■ **Records provided**:
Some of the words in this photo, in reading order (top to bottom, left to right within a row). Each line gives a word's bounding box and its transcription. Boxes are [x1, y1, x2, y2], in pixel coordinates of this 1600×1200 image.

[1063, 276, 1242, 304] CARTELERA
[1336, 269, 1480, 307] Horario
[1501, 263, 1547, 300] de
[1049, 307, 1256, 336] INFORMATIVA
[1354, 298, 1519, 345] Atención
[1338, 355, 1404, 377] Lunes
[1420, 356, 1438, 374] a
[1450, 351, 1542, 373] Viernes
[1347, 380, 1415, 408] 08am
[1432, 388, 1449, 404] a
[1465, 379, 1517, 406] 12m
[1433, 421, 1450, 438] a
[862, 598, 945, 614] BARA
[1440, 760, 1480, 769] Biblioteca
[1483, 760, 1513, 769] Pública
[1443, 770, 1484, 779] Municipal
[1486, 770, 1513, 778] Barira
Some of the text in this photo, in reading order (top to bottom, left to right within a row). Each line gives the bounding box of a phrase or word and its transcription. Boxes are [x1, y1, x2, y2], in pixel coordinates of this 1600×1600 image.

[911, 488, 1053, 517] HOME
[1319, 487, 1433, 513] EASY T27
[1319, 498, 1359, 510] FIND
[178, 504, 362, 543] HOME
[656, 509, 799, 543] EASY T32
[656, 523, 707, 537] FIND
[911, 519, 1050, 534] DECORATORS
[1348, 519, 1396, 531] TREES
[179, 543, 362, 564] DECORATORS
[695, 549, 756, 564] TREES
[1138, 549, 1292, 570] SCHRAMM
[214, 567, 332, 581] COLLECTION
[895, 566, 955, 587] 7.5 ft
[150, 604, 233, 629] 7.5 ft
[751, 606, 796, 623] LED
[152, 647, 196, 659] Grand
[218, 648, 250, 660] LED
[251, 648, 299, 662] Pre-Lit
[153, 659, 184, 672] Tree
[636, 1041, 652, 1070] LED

■ **Exercise objective**:
Each record above should be repeated exactly as it appears.

■ **Reply**:
Some of the words in this photo, in reading order (top to bottom, left to right within a row). Each line gives a word's bounding box and its transcription. Boxes are [x1, y1, x2, y2], in pixel coordinates of this 1600×1200 image.

[1063, 276, 1242, 304] CARTELERA
[1336, 269, 1480, 307] Horario
[1501, 263, 1547, 300] de
[1049, 307, 1256, 336] INFORMATIVA
[1354, 298, 1519, 345] Atención
[1338, 355, 1404, 377] Lunes
[1420, 356, 1438, 374] a
[1450, 351, 1542, 373] Viernes
[1347, 380, 1415, 408] 08am
[1432, 388, 1449, 404] a
[1465, 379, 1517, 406] 12m
[1433, 421, 1450, 438] a
[862, 598, 945, 614] BARA
[1440, 760, 1480, 769] Biblioteca
[1483, 760, 1513, 769] Pública
[1443, 770, 1484, 779] Municipal
[1486, 770, 1513, 778] Barira
Some of the text in this photo, in reading order (top to bottom, left to right within a row). Each line gives the bounding box of a phrase or word and its transcription. Boxes are [x1, y1, x2, y2], in pixel coordinates of this 1600×1600 image.

[911, 488, 1053, 517] HOME
[1319, 487, 1433, 513] EASY T27
[1319, 498, 1359, 510] FIND
[178, 504, 362, 543] HOME
[656, 509, 799, 543] EASY T32
[656, 523, 707, 537] FIND
[911, 519, 1050, 534] DECORATORS
[1348, 519, 1396, 531] TREES
[179, 543, 362, 564] DECORATORS
[695, 549, 756, 564] TREES
[1138, 549, 1292, 570] SCHRAMM
[214, 567, 332, 581] COLLECTION
[895, 566, 955, 587] 7.5 ft
[150, 604, 233, 629] 7.5 ft
[751, 606, 796, 623] LED
[152, 647, 196, 659] Grand
[218, 648, 250, 660] LED
[251, 648, 299, 662] Pre-Lit
[153, 659, 184, 672] Tree
[636, 1041, 652, 1070] LED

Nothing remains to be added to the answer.